A faithful copy of all the entries is required, with no pictures in it.

Image-backed grounding data
━━━━━━━━━━━━━━━━

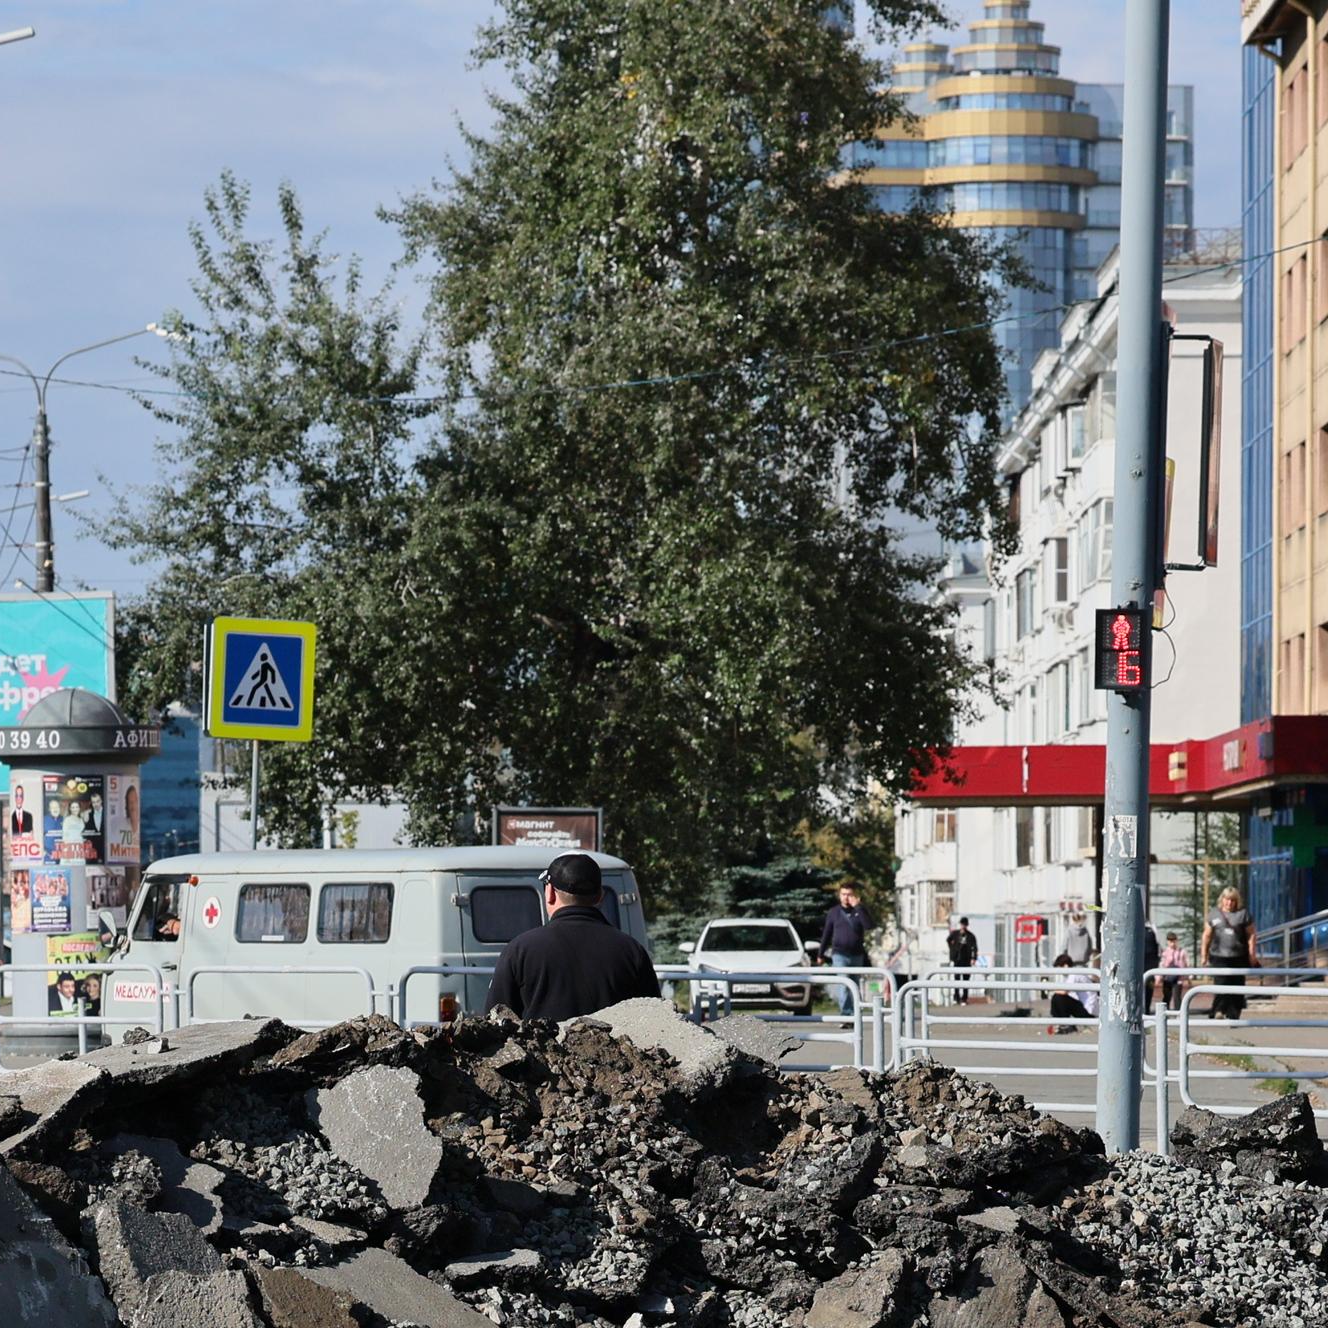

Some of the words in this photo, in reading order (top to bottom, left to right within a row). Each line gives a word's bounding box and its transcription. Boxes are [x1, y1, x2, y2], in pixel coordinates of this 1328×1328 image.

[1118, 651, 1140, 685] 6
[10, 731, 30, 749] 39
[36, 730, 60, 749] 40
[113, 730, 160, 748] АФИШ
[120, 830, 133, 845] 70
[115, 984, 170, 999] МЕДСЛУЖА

━━━━━━━━━━━━━━━━

> _Solution to the problem_:
Some of the words in this photo, in reading order (top to bottom, left to right within a row). Each line gives a word's bounding box and its transcription. Boxes are [x1, y1, x2, y2], in pixel coordinates of this 1328×1328 image.

[1118, 651, 1140, 685] 6
[10, 731, 30, 749] 39
[36, 730, 60, 749] 40
[113, 730, 160, 748] АФИШ
[120, 830, 133, 845] 70
[115, 984, 170, 999] МЕДСЛУЖА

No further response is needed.